Pandas read_parquet() called on a google cloud storage path hangs when using Python multiprocessing (even when limiting to 1 process).
def read_chunk(*args):
df = pd.read_parquet(GS_PATH)
# Do stuff
num_files = 1000
with ProcessPoolExecutor(max_workers=2) as executor:
futures = {}
while num_files > 0:
for i in range(num_files):
future = executor.submit(read_chunk, *args)
It does not hang when reading a local file or using multi-threading with the same Google cloud storage path.
It also does not hang when using the following code:
def read_chunk(*args):
storage_client = storage.Client()
# Create a bucket object for our bucket
bucket = storage_client.get_bucket("bucket")
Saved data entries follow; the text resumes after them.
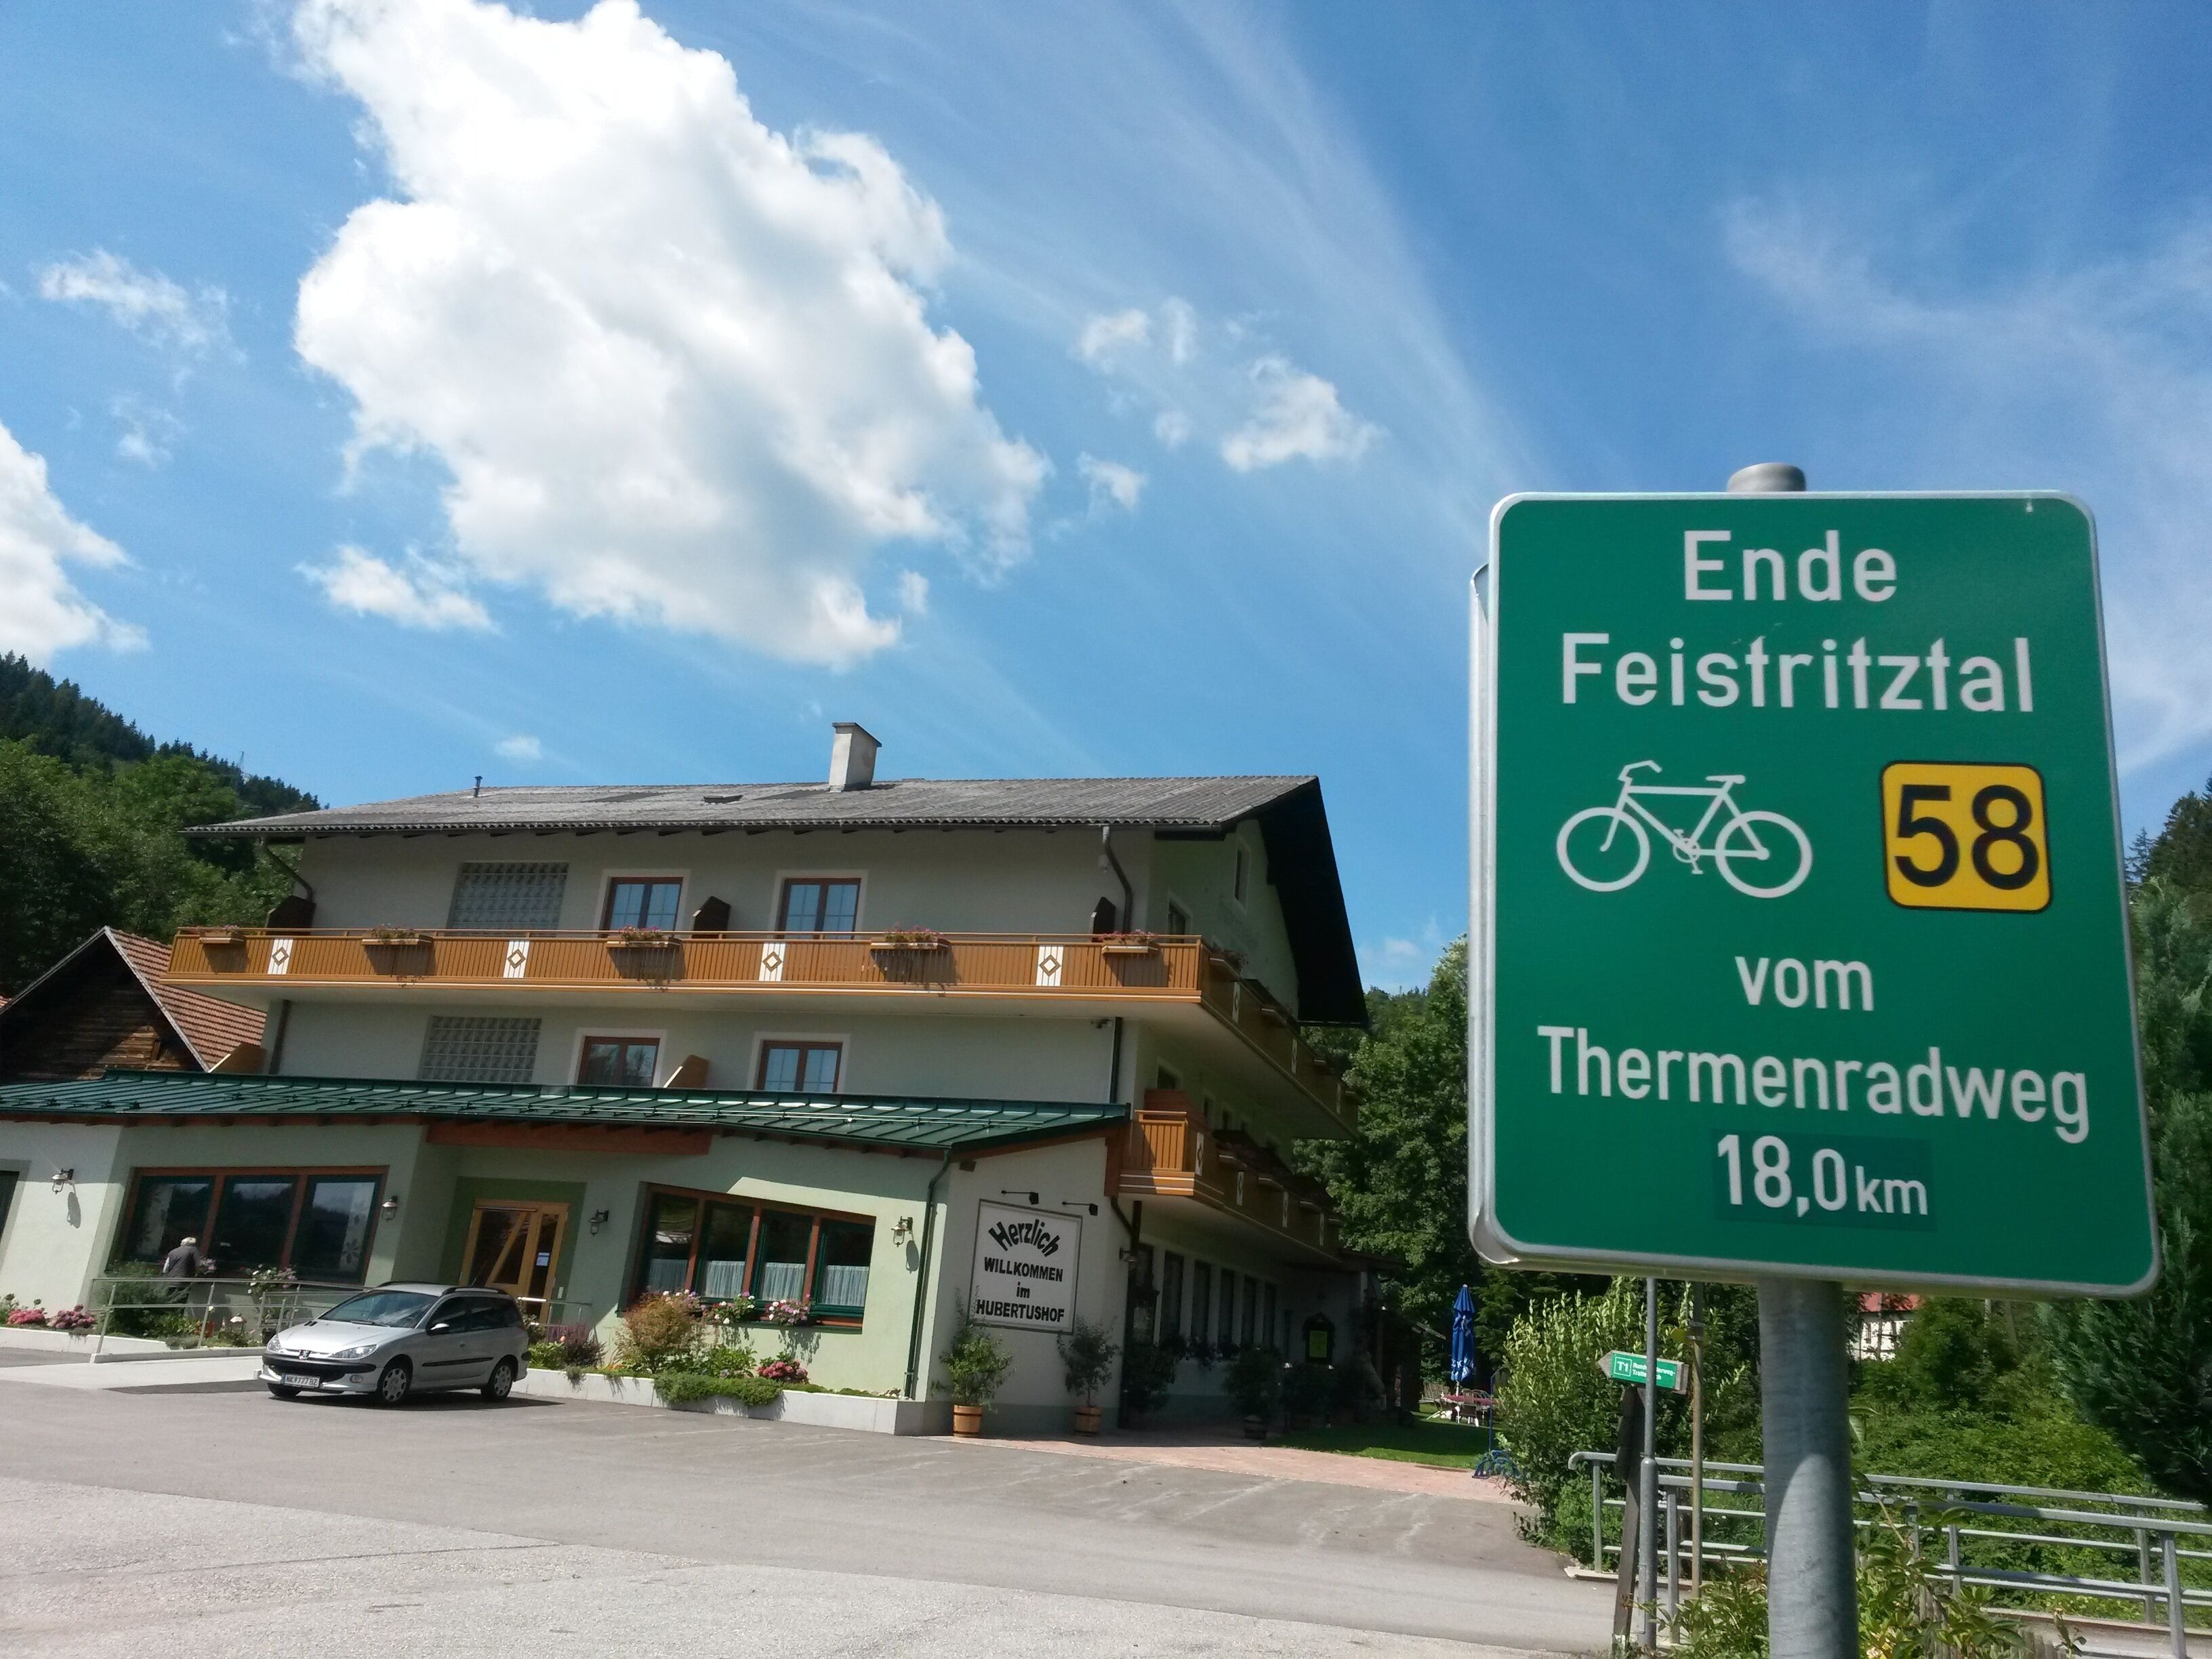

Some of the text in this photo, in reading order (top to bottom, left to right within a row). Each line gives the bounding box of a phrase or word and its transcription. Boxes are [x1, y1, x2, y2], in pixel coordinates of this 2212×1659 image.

[1684, 530, 1897, 602] Ende
[1562, 633, 2032, 713] Feistritztal
[1894, 783, 2040, 891] 58
[1735, 956, 1873, 1010] vom
[1538, 1025, 2089, 1144] Thermenradweg
[1717, 1134, 1928, 1216] 18,0 km
[988, 1219, 1060, 1257] Herzlich
[984, 1256, 1063, 1282] WILLKOMMEN
[1016, 1282, 1030, 1298] im
[976, 1299, 1065, 1322] HUBERTUSHOF
[1617, 1360, 1629, 1372] T1
# Create a blob object from the filepath
blob = bucket.blob(GS_PATH)
# Download the file to a destination
byte_stream = BytesIO()
blob.download_to_file(byte_stream)
# Do stuff
num_files = 1000
with ProcessPoolExecutor(max_workers=2) as executor:
futures = {}
while num_files > 0:
for i in range(num_files):
future = executor.submit(read_chunk, *args)
Can someone help me understand what might be causing this?
To solve this I wrote the second chunk of code I wrote above which worked but is way slower so would like to find a way to make the original code work.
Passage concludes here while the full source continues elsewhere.